Strangely enough, they are all intimately related and related to intimacy. There is a lot of action nowadays in the research world about how improving the body improves the mind. The whole concept of something called “neuroplasticity,” which states that the brain is not hard-wired but flexible as new things are learned, has made the mind-body-sex connection a prominent direction for exploration. And a fun one, too.

There aren’t any places in your body busier than your brain. Even at night, when what you learned or experienced is filed away for long-term retrieval. In fact, as you read this article you are making certain patches of brain cells (neurons) connect up to each other, creating learning and memory, and tonight you will “defrag” the information and make it part of yourself. As Dr. Norman Doidge points out in his book, The Brain That Changes Itself, “Neurons that fire together, wire together.”

Apply this to your physical body, which is directed by your brain cells, and it’s not difficult to imagine how the results of exercise on your muscles send to your brain feedback that changes its firing and wiring. What has been discovered is that it’s all good feedback. Physical fitness breeds mental fitness breeds more physical fitness breeds more mental fitness. And so on.

Mental fitness means the chemicals that are used for your neurons to communicate are balanced. If an imbalance can result in moodiness, depression, even bipolar disorder, then a balanced brain can only improve your mood. And your sex drive (I’ll get to that—promise).

Use it or lose it

You need to use your muscles to get them bigger. Exercise routines make them bigger in two ways. First, they make the muscle fibers you have bigger and stronger; second, they create “new” muscle by adding length to the ones you have and combining together fibers with a repair of the ones damaged during exercise.
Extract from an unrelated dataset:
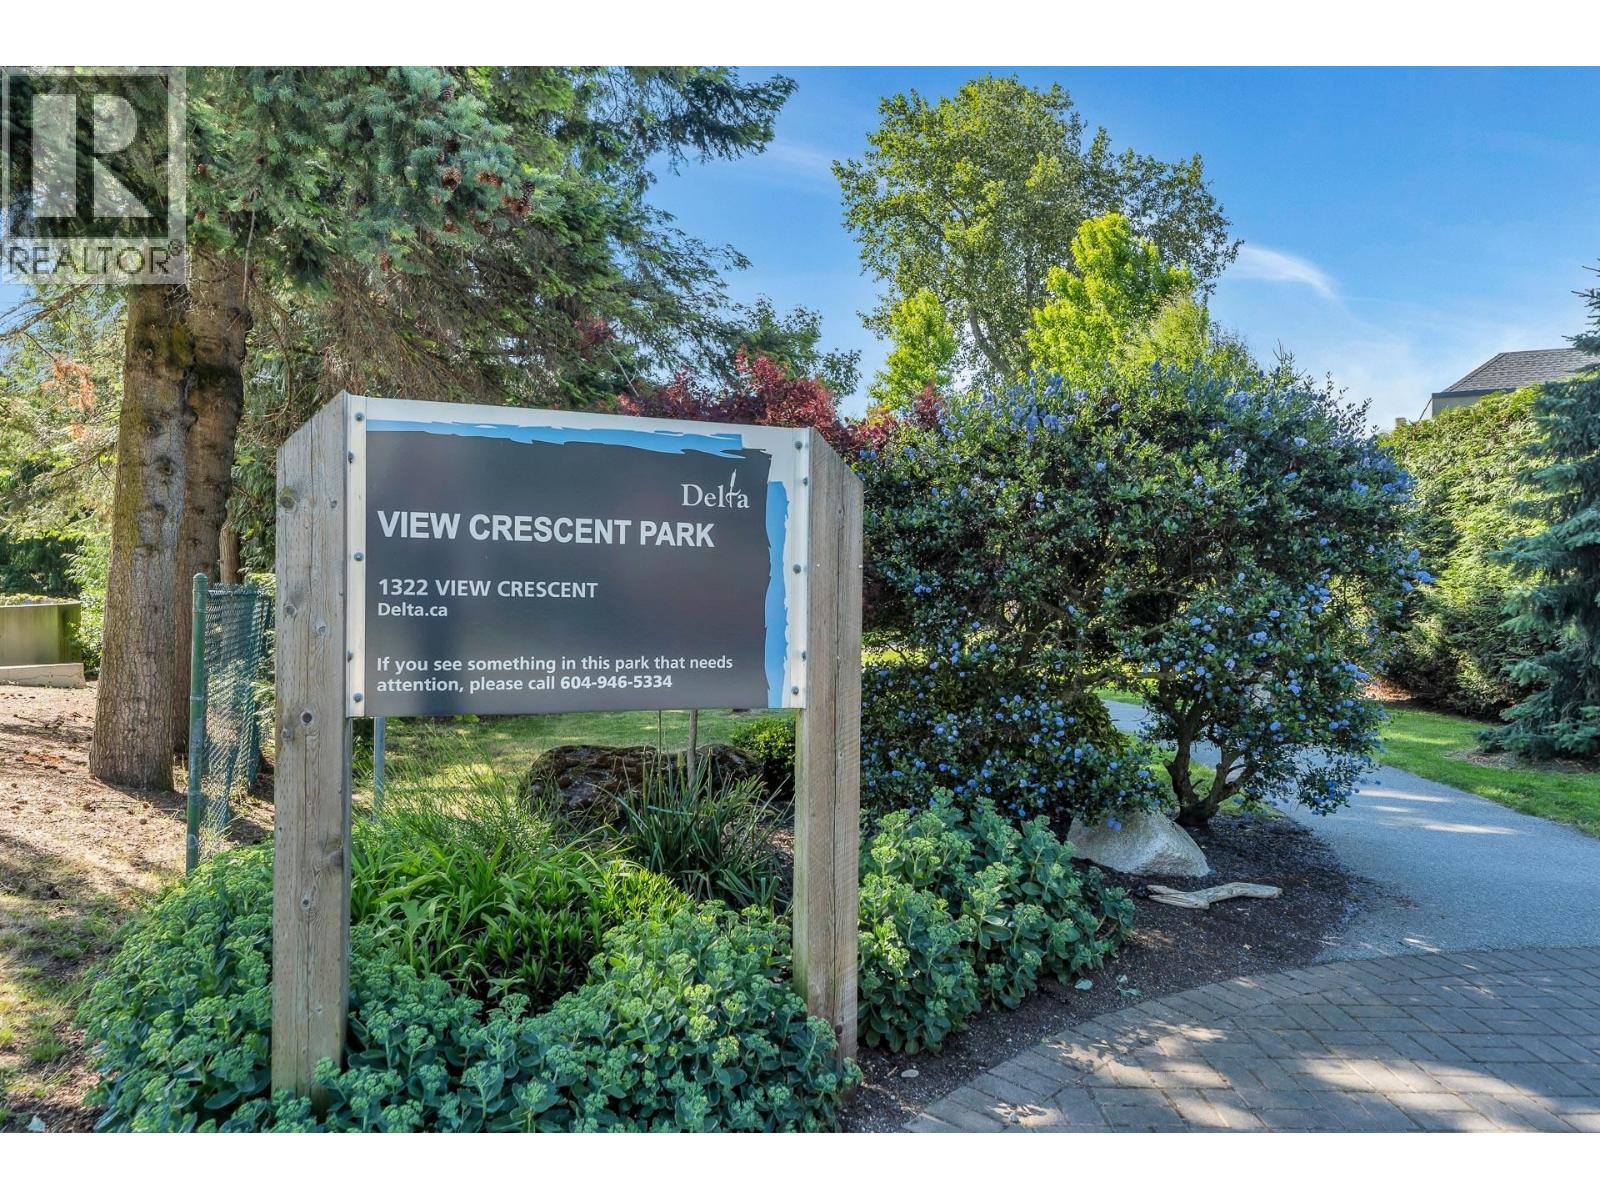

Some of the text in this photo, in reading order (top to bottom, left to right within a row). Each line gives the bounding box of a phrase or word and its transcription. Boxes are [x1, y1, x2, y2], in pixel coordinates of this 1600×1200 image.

According to the Australian “Better Health Channel”, resistance training increases muscle strength by making your muscles work against a weight or a force, which can be done with free weights, weight machines, resistance bands, or even your own body weight. You need to start out by training two to three times a week to see any significant benefit, and you should change things up every six to eight weeks. You can vary by changing the number of sets, repetitions, types of exercise or machines, the frequency of your sessions, and the timing of your breaks.
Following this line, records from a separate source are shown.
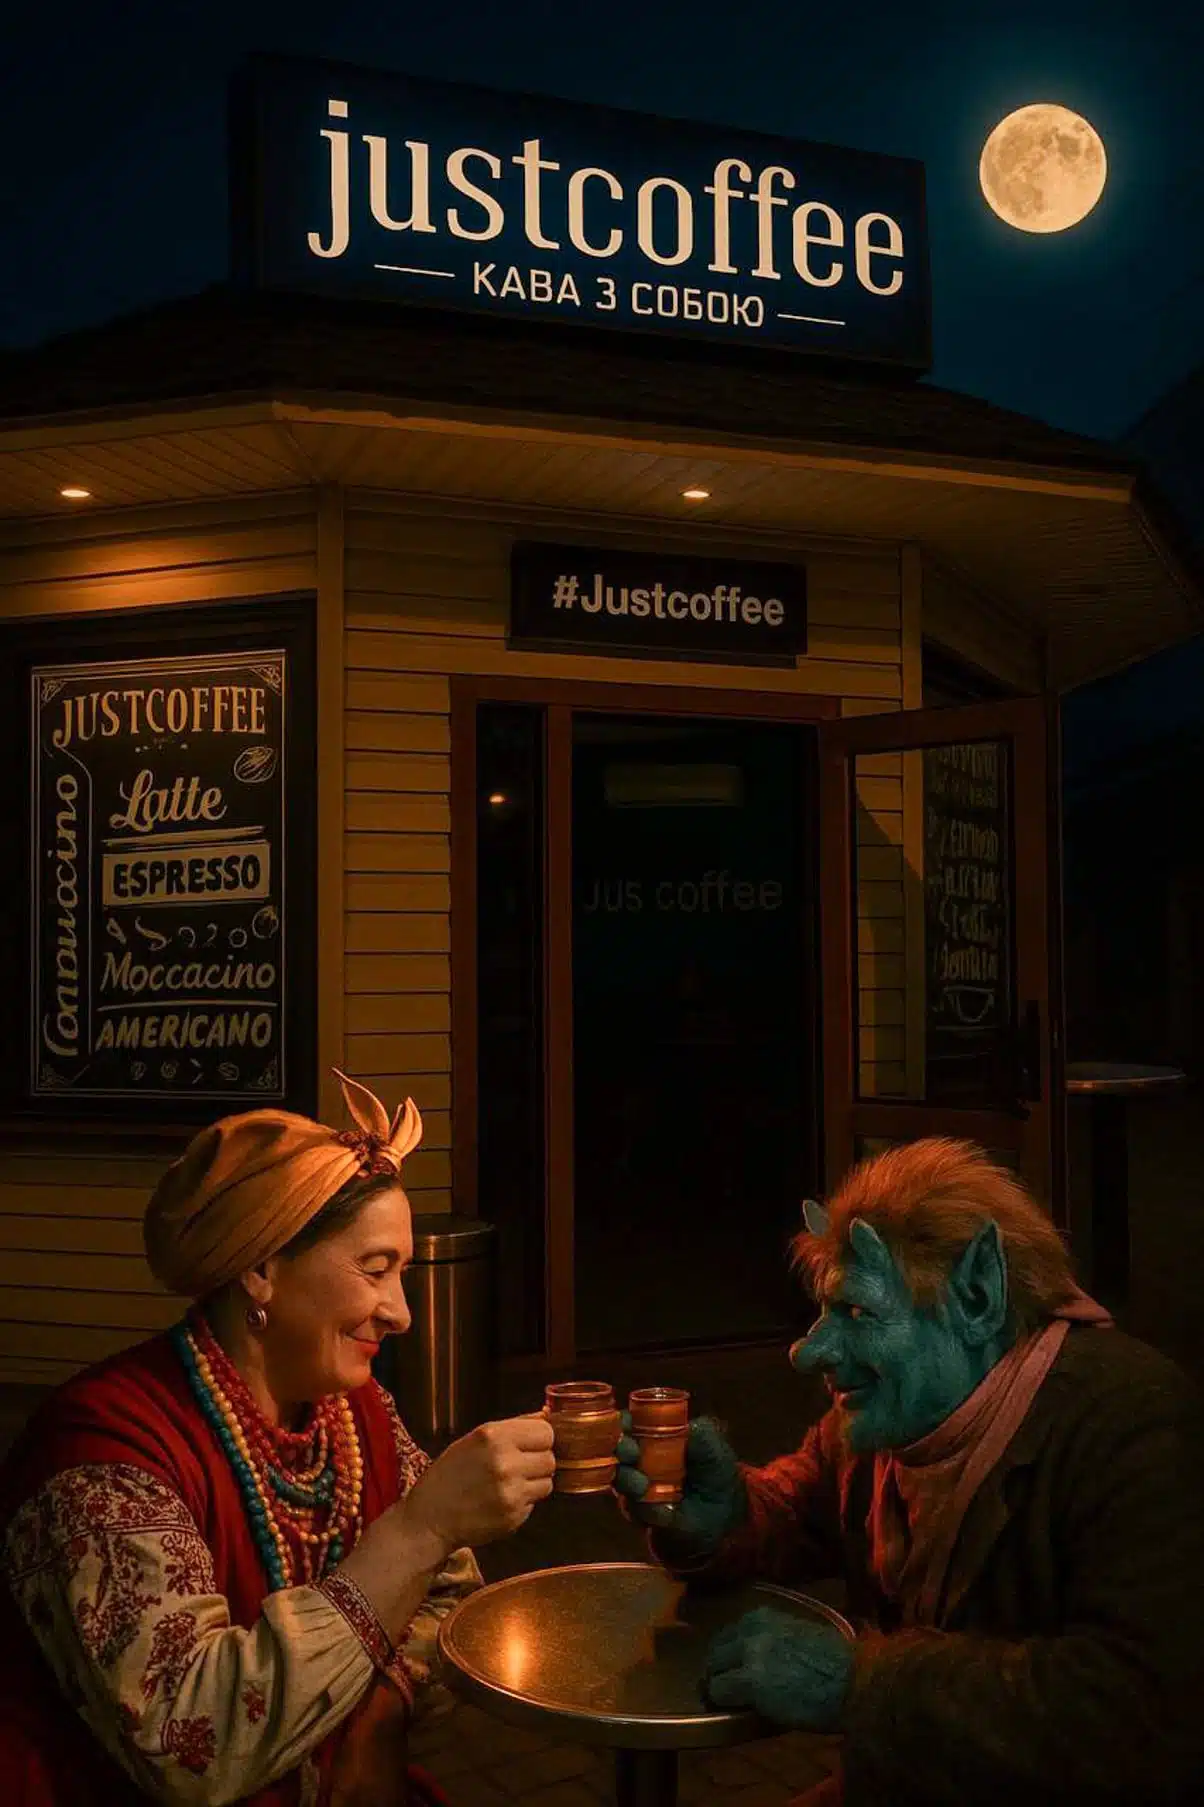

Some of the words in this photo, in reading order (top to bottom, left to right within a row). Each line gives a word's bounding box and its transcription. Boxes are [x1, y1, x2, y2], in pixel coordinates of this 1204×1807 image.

[308, 99, 906, 296] justcoffee
[472, 261, 581, 307] КАВА
[596, 278, 617, 310] З
[631, 282, 765, 328] СОБОЮ
[553, 574, 785, 626] #Justcoffee
[52, 686, 267, 749] JUSTCOFFEE
[108, 768, 228, 833] Latte
[112, 854, 261, 898] ESPRESSO
[655, 869, 784, 913] coffee
[100, 952, 276, 994] Moccacino
[97, 1011, 272, 1050] AMERICANO
You should warm up first, always, to “elasticize” the muscles you plan on stretching to capacity. Don’t learn this the hard way with a popped tendon or a ruptured muscle.

Feed it or mislead it

Muscle metabolism is based on protein. The right amount of exercise along with adequate protein intake can make sure that your body’s manufacture of muscle protein is more than its muscle protein breakdown. While resistance exercise improves this balance toward the positive (anabolic), eating right during the window of muscle metabolism created by a good resistance workout will enhance the entire process. This window lasts only about 48 hours, so timing can be important in getting the necessary protein and the amino acids that make protein. This means resting your muscles for a couple of days so that the natural repair can take place to build on what you damaged with your exercise. From this concept came the rationale of gym visits every other day. It’s smart. It’s necessary.
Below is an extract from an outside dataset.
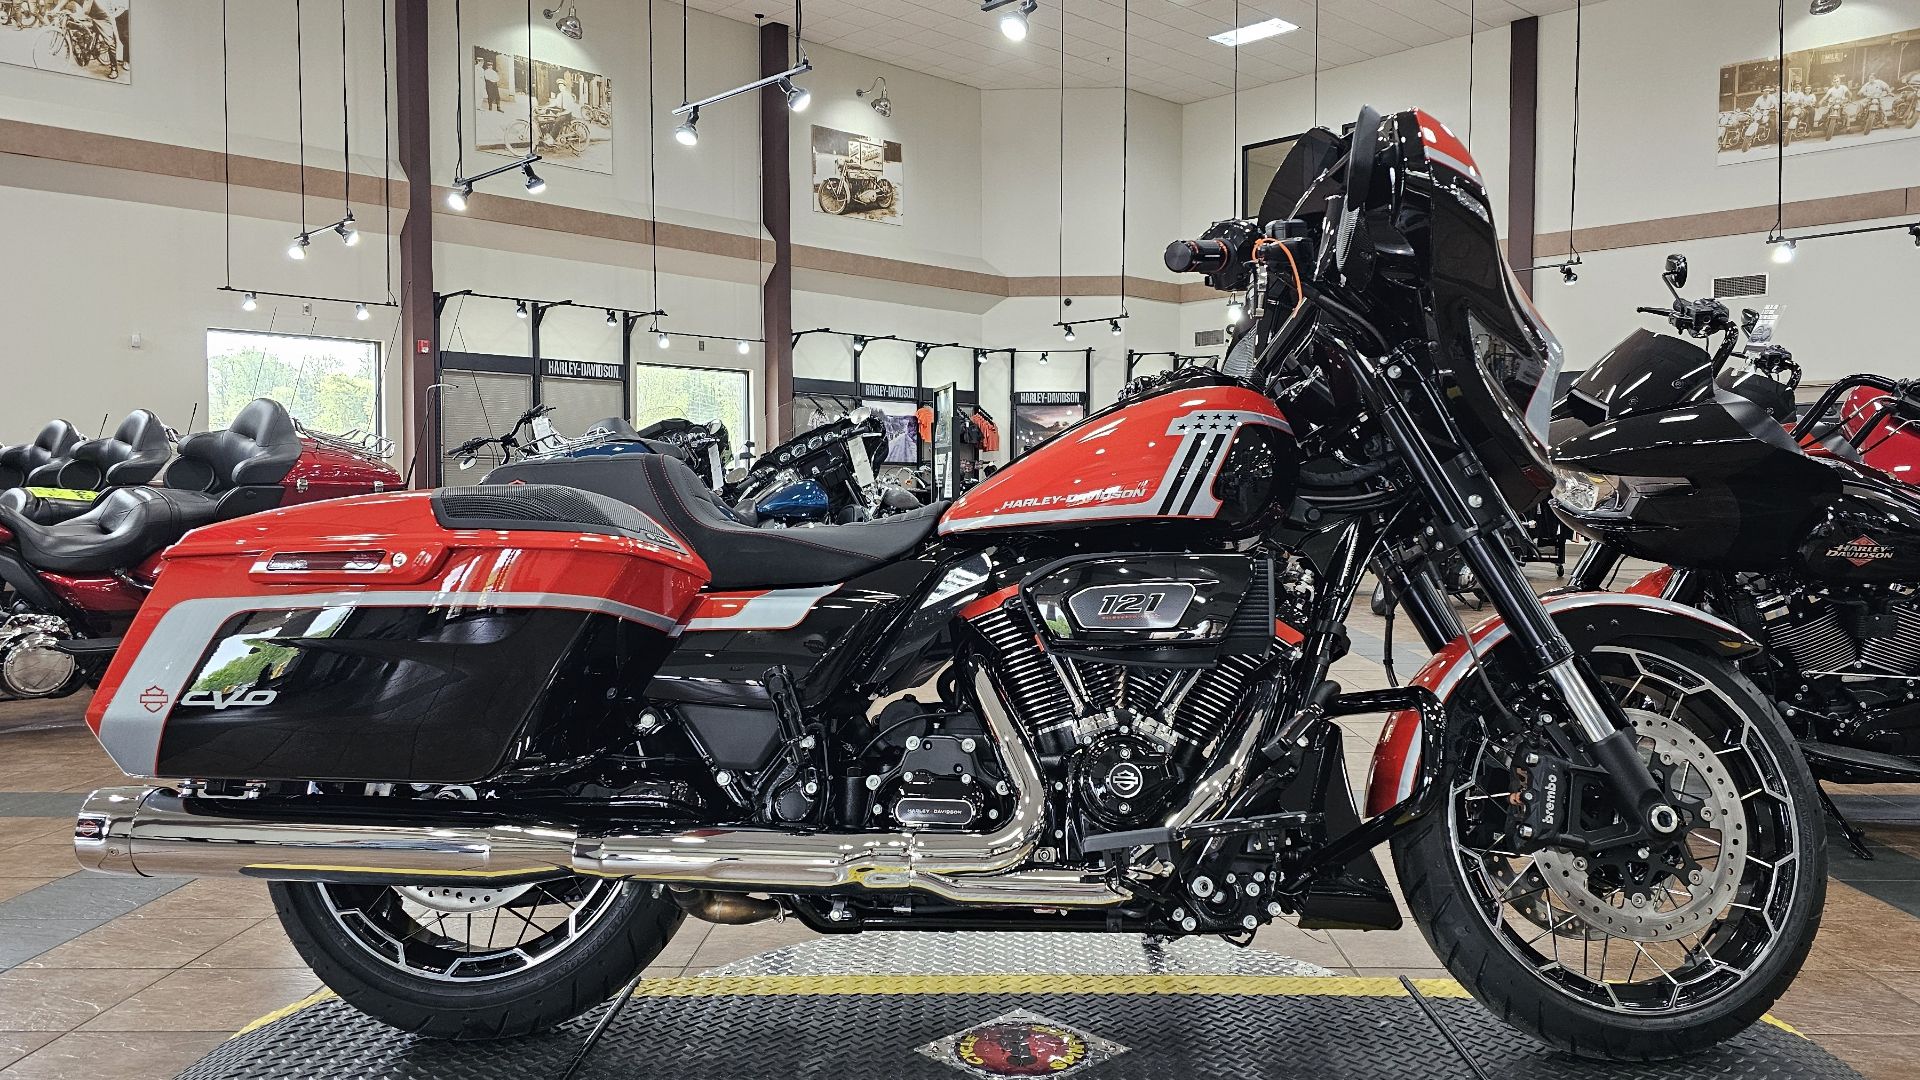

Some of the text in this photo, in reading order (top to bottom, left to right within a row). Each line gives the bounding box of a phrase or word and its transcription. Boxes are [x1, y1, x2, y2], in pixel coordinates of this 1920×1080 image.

A good diet will also balance out your insulin, which plays a part in regulating the building muscle from protein. Testosterone also regulates the protein conversions, so testosterone supplements can be beneficial if you have a documented testosterone deficiency; otherwise, it may harm you. If the balance is negative, like with starvation diets and lack of exercise, this is the opposite of anabolic—called catabolic.

According to the American College of Sports Medicine,  it is recommended that 10-35 percent of your daily energy intake comes from protein. If a 2,000 calories diet, this means consuming between 200 to 700 calories of protein per day. The recommended daily intakes (RDIs) can also be calculated by a person’s body weight. The Academy of Nutrition and Dietetics recommends that the average individual should consume 0.8 grams of protein per kilogram or 0.35 grams per pound of body weight per day for general health.

Last but not least

Or should I say, “Leaving the best for last”?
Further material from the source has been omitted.